"When the writing gets hard, or when it all feels like too much, remember why you write, and that there is value in what you’re doing. Stories matter. Your story matters."
-NaNoWriMo 2020 Pep Talk, Alexis Daria
November is National Novel Writing Month, a month when writers around the world commit to writing a 50,000 word novel in the space of one month. I've participated since 2016, and in that space of time, I've completed 4 novellas (3 of them are now published) and drafted the bones for 5 others.
But NaNoWriMo isn't really about word count for me. In fact, in five years of prepping, attending write-ins, soaking in advice from authors and experts - and doing the actual work of writing - I've never reached 50,000 words in any story.

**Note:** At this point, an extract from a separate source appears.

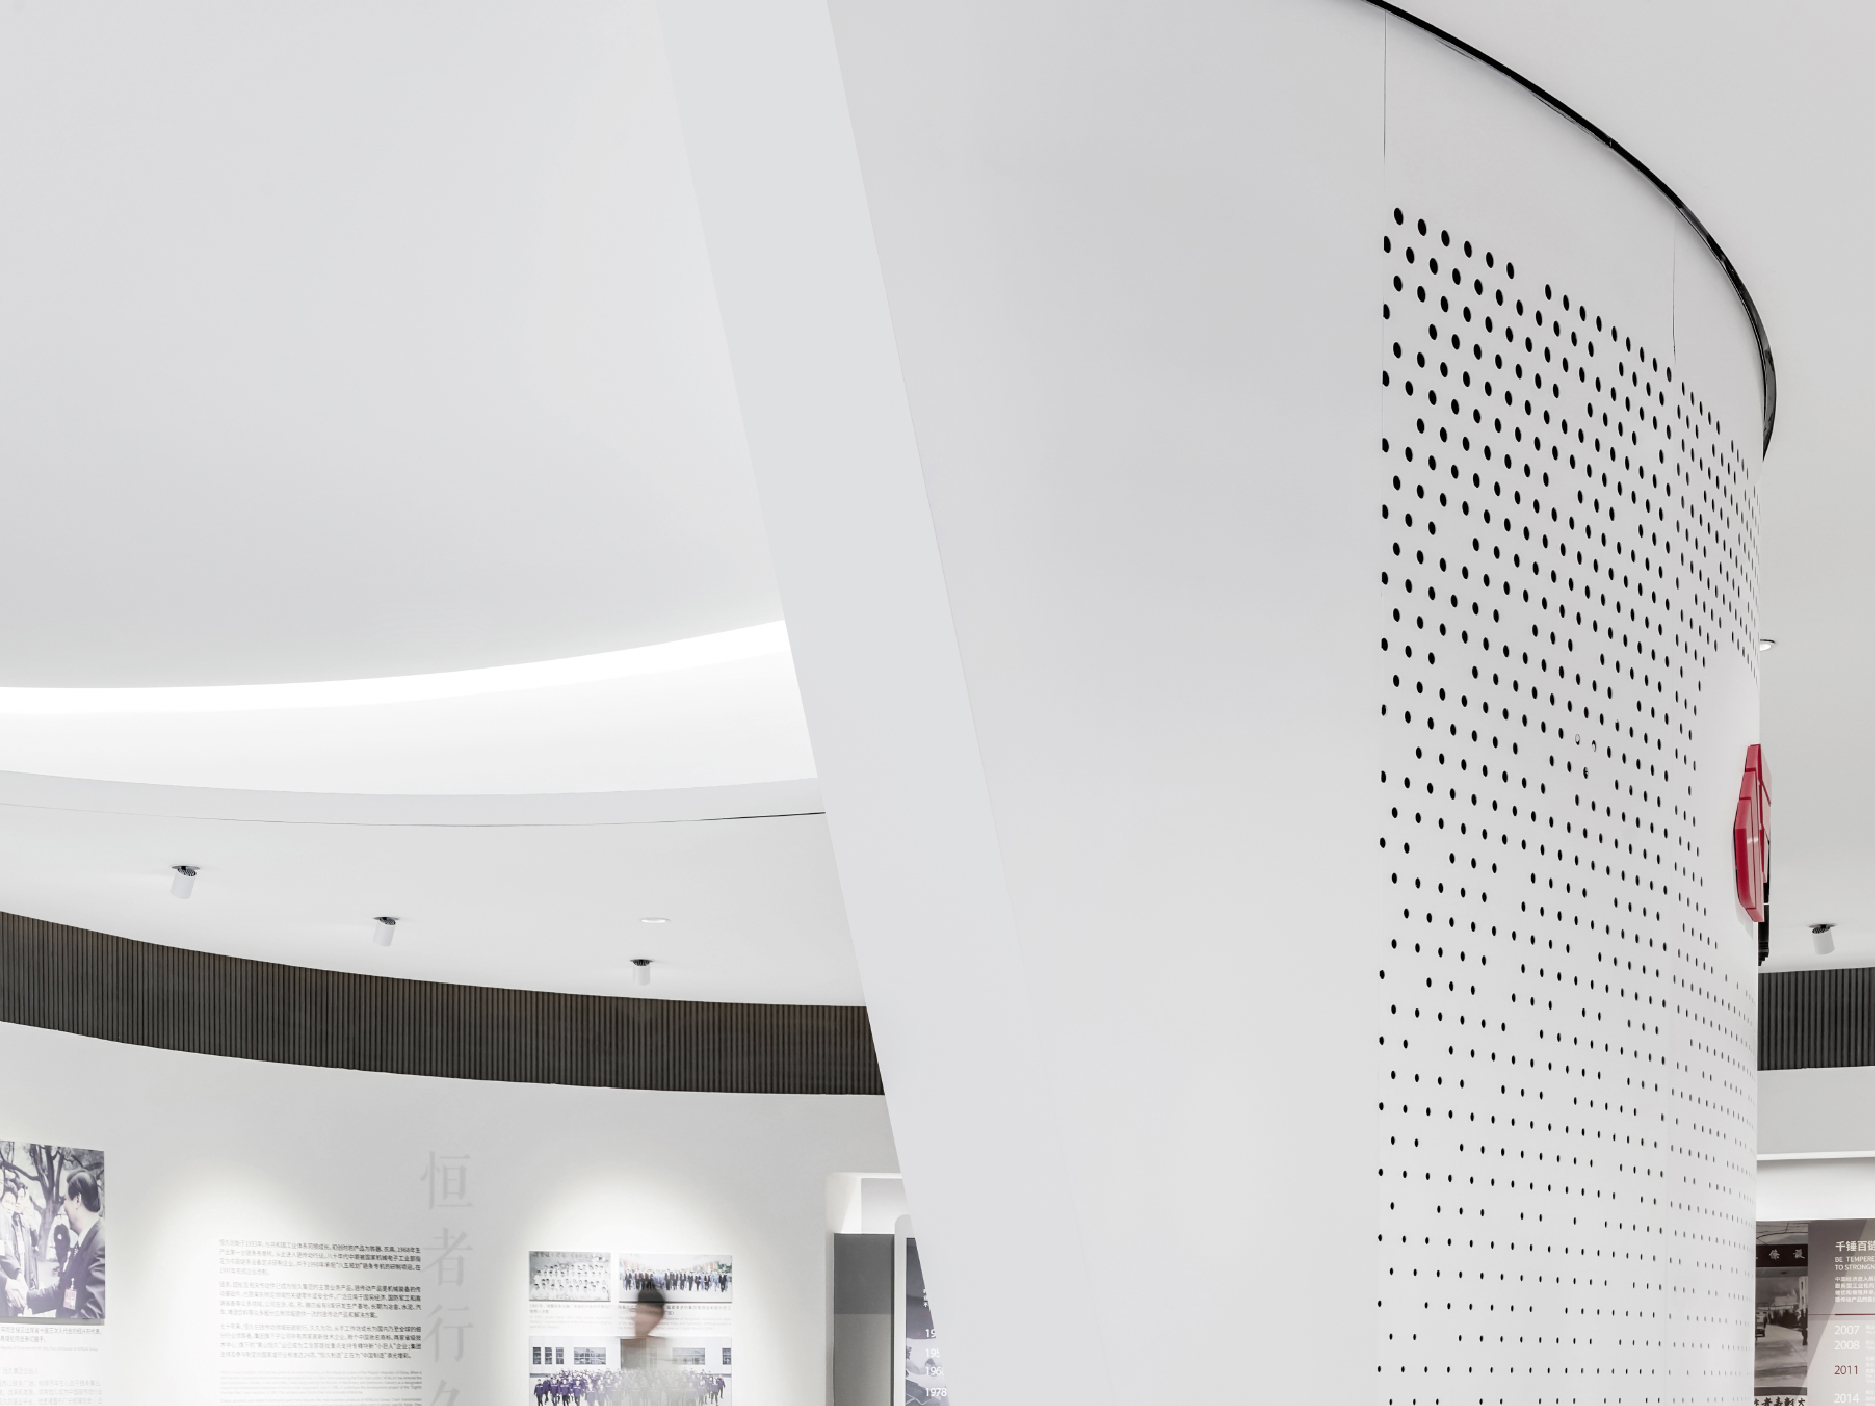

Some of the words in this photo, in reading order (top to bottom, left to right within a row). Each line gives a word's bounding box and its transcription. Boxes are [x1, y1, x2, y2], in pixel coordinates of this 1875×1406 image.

Some writers might argue that this means I've never "won" NaNoWriMo. But I disagree.
I win by showing up. I win by knowing my story matters, and by feeling the value of what I'm doing.
My first NaNoWriMo I completed about 20,000 words on a children's story that would go on to become my first published novella. It's the shortest novella project, but also the most important one, I've ever completed. It was the story I'd had in my head since my early twenties, the story I'd begun writing in a coffee shop when I was 25, and didn't work on again until a decade later. Essentially, it's the story that made me a not only a writer, but a published author - cementing my commitment to a writing life.
To say that it was important is an understatement. It was essential to the life I want to live; finishing it, revising it and later, publishing it - was when I turned dreams into reality and wishes into books.
It was when I realized that my story mattered, that I could write - and that I was brave enough to share it with the world.
Now, don't get me wrong - I've always been a writer. I began keeping a journal and writing poems when I was in junior high; I wrote short stories and acted out my own little plays for years before that - and I devoured books of all kinds, particularly stories in fantastical worlds with young, dreamy girl protagonists.
But despite all these things, I didn't believe I could be a Writer. The kind whose books actually gets put on the shelves, the kind who has (gasp) an editor or could perhaps get an agent (sigh) or even (faint) an audience of real readers!
The kind who starts a story and finishes it (at whatever word count - 15k or 50k or anything in-between), plus a stack of creative ideas for the next.
But guess what?
NaNoWriMo has changed me from a writer who dreamt of one day seeing her story in print, to a Writer who finished said story plus two more in the same series.
As I write this, we are officially through the first half of November. There are perhaps hundreds of writers out there who are celebrating their "win" of 50,000 words already. But there are many more, I'm betting, who are in the doldrums, bemoaning what happened to get them so behind, so off-course, so distracted that they've only accomplished a few thousand words or a few chapters.
Suddenly the story that had seemed so shiny and new and full of possibility on November 1st is looking old, dusty and worn on the 15th...so many ideas discarded and no inspiration, it seems, on the horizon.
This is the point when so many writers, including myself, consider giving up. After all, finding the time and space to write is hard...and the writing itself? Even harder.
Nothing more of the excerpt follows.